El Gobierno vasco deja sin sanción al mando de la prisión que coló a su hijo en el psiquiatra
Considera que, pese a ser irregular, la actuación del funcionario de Basauri no desencadenó «daños graves» en el penal

Una prisión, en una imagen de archivo. | EP
La Dirección de Justicia del Gobierno vasco ha decidido dejar sin sanción al jefe de servicios del centro penitenciario de Vizcaya, situado en la localidad de Basauri, que coló a su hijo en la prisión el pasado mes de octubre para que la psiquiatra le tratase como paciente en su consulta. Pese a que se trata de unos hechos totalmente irregulares, fuentes del citado departamento consultadas por THE OBJECTIVE sostienen que no se ha abierto expediente disciplinario ni al mando ni a la profesional sanitaria porque «no se produjeron daños graves». «Sí se han tomado las acciones correctoras pertinentes y se han comunicado a las partes implicadas», añaden estas mismas fuentes.
En relación con esas «acciones correctoras», la Dirección de Justicia no da más detalles, pero sí aclara que no se ha interpuesto ninguna «sanción» a los trabajadores penitenciarios. Un extremo que también confirman fuentes internas del penal, que acusan a la cárcel de haber «tapado el escándalo». El departamento vasco de prisiones abrió una investigación interna en diciembre a raíz de que este periódico desvelase que ambos funcionarios colaron al joven hasta el interior de la prisión, saltándose los controles de seguridad y sin que existiese ningún tipo de permiso para ello. Unos hechos que confirmó la propia Dirección de Justicia.
Dos meses después, sin embargo, este área ha concluido que la actuación de los funcionarios no es sancionable porque no desencadenó ningún altercado en el interior del centro penitenciario. En el transcurso de las pesquisas, el departamento vasco envió un cuestionario a todos los trabajadores que prestaban servicio ese día en el penal para elaborar un informe de lo ocurrido y posteriormente citó a declarar a uno de estos trabajadores penitenciarios. Todo ello supuestamente para dirimir responsabilidades y descubrir quién autorizó la entrada del joven y cómo pudo producirse esa brecha de seguridad.
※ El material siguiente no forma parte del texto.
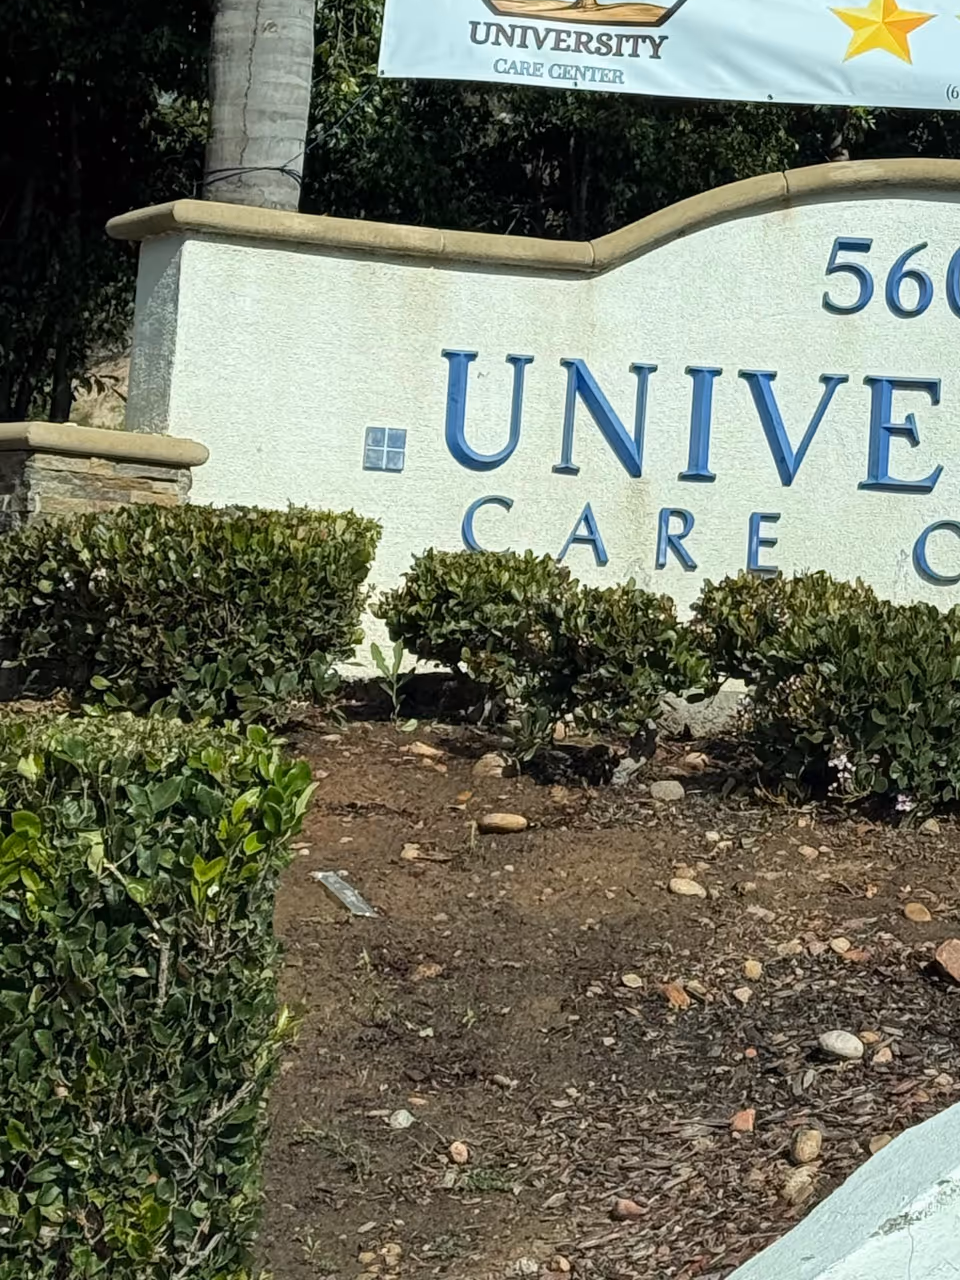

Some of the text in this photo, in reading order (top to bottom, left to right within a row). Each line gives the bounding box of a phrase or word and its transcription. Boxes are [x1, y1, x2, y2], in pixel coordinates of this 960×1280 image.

Un «protocolo de identificación»
Fuentes penitenciarias destacan que, al día siguiente de la publicación de la noticia, la Subdirección de Seguridad de la prisión de Basauri distribuyó entre los funcionarios «un protocolo de identificación de personas que acceden al interior del centro penitenciario». En el mismo, al que ha tenido acceso este periódico, hay un apartado dedicado al «personal ajeno al establecimiento» en el que se indica que el área de Seguridad tiene la obligatoriedad de pedir el DNI al individuo, registrarlo en el sistema y entregarle posteriormente una tarjeta de visitante.
Una serie de exigencias que no se cumplieron con el hijo del jefe de servicios, según atestiguan fuentes conocedoras de los hechos. «De cualquier incidencia se dará cuenta inmediata a la Jefatura de Servicios (…) En un segundo control (rastrillo) el funcionario constatará que el personal que acceda porta tarjeta identificativa o existe orden del departamento…», prosigue la orden de la prisión. Un documento que, a juicio de los funcionarios, «utilizó la dirección para cubrirse y para advertir a los funcionarios de las zonas de control y seguridad, en caso de que no se cumpliese la orden».
Con una bata de médico por la prisión
De acuerdo con los testimonios recabados por este periódico, el mando de la prisión vasca y la psiquiatra pusieron una bata blanca de los servicios médicos del penal al hijo del primero para que pasase inadvertido entre la plantilla y pudiese llegar sin contratiempos a la consulta de psiquiatría. Aun así, distintos funcionarios identificaron al individuo, habida cuenta de que ya lo conocían de ocasiones anteriores, aseguran las mismas fuentes.
Lo grave fue el recorrido que el supuesto paciente hizo por la prisión en compañía del jefe de servicios, que trabaja en el centro desde hace varias décadas «Cruzaron por uno de los módulos más peligrosos, donde desde luego las medidas de seguridad son o tendrían que ser más rigurosas. Allí se encuentran los internos más conflictivos: los que están en aislamiento, hay camas de sujeción mecánica… Si de pronto ocurre algo con algún preso o el joven se indispone en esa zona… podría haberse generado un gran conflicto», advertían distintos funcionarios.
Se da la circunstancia de que el jefe de servicios no estaba trabajando ese día en el centro, lo que llamó aún más la atención de los funcionarios. Además, ningún otro mando estaba al tanto de que iba a hacer esa visita el pasado 14 de octubre, ni se justificó posteriormente.